> Instructions to follow:
Will you write out the data exactly, excluding every picture?

[Records supplied Boundary: Start]

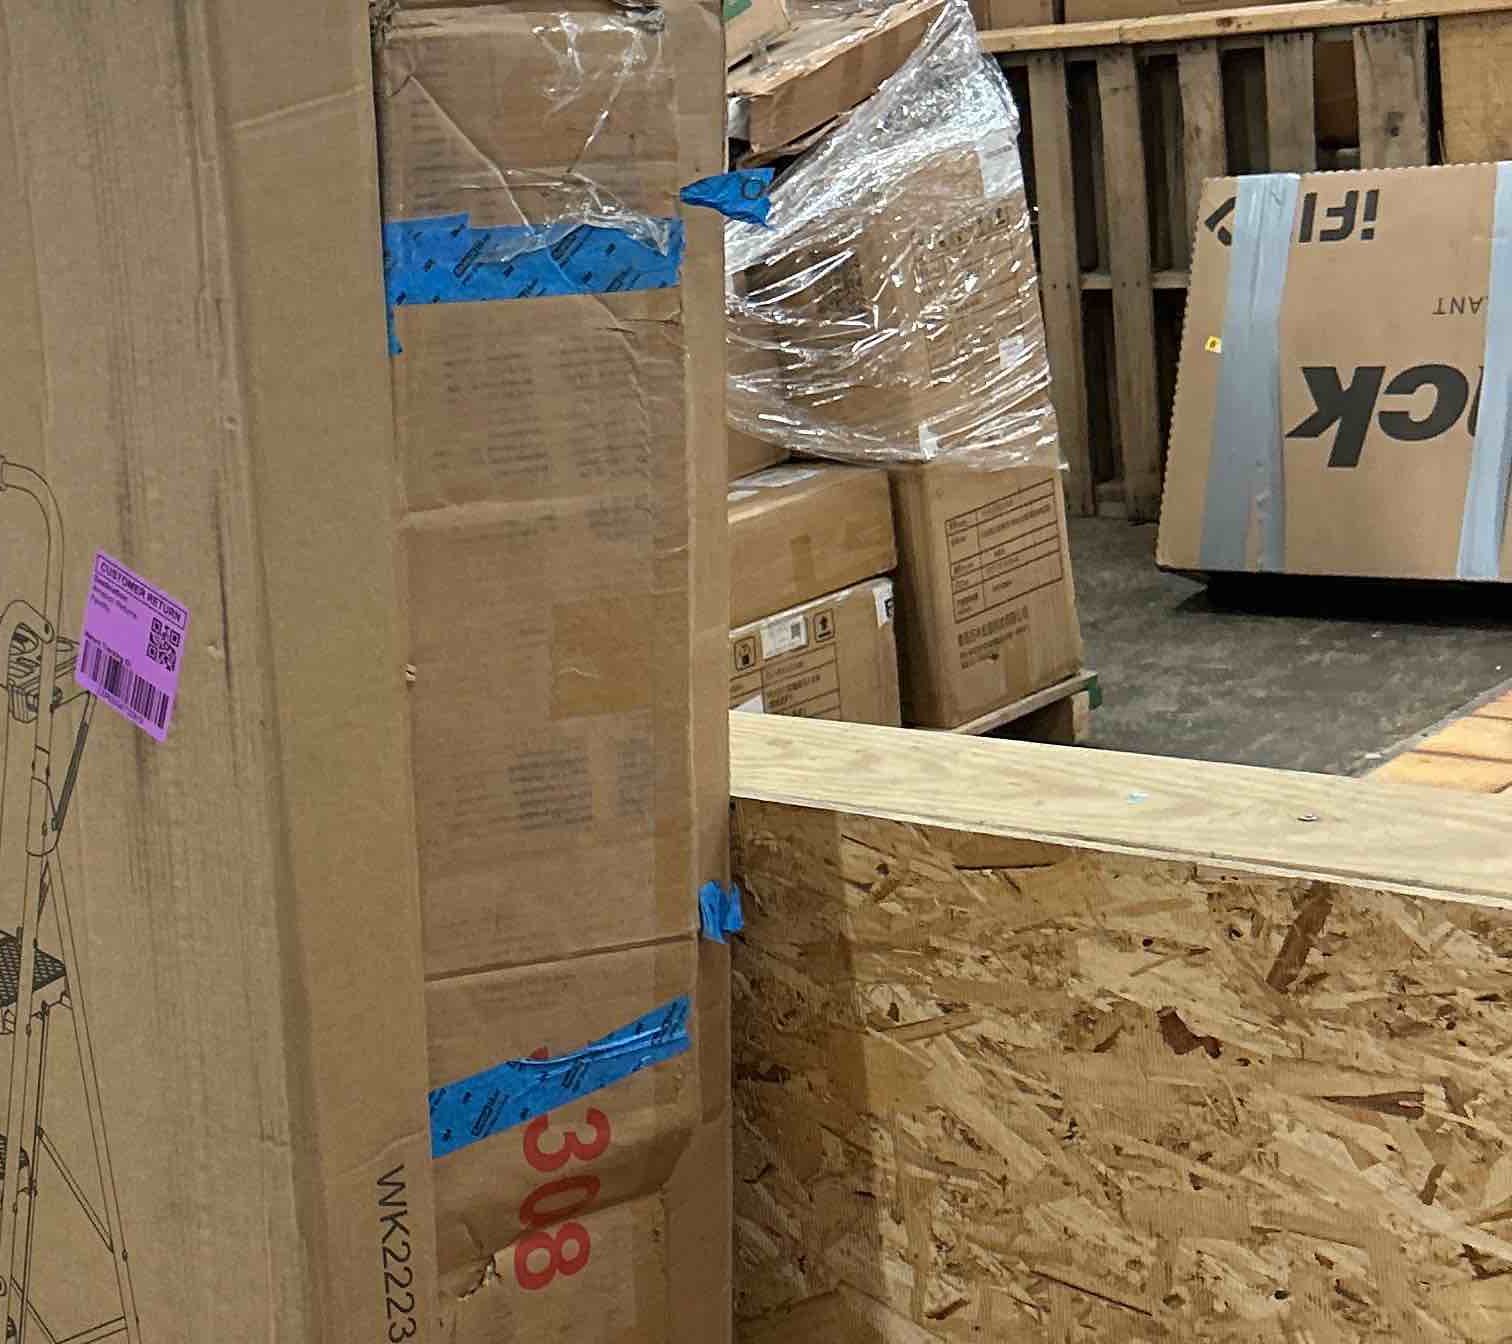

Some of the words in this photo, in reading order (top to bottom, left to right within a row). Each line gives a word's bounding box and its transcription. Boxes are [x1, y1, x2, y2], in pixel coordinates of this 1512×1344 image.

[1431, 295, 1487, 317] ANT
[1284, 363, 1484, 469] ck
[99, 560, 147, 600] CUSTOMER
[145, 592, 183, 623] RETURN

[Records supplied Boundary: End]

> Written response:
Some of the words in this photo, in reading order (top to bottom, left to right within a row). Each line gives a word's bounding box and its transcription. Boxes are [x1, y1, x2, y2], in pixel coordinates of this 1512×1344 image.

[1431, 295, 1487, 317] ANT
[1284, 363, 1484, 469] ck
[99, 560, 147, 600] CUSTOMER
[145, 592, 183, 623] RETURN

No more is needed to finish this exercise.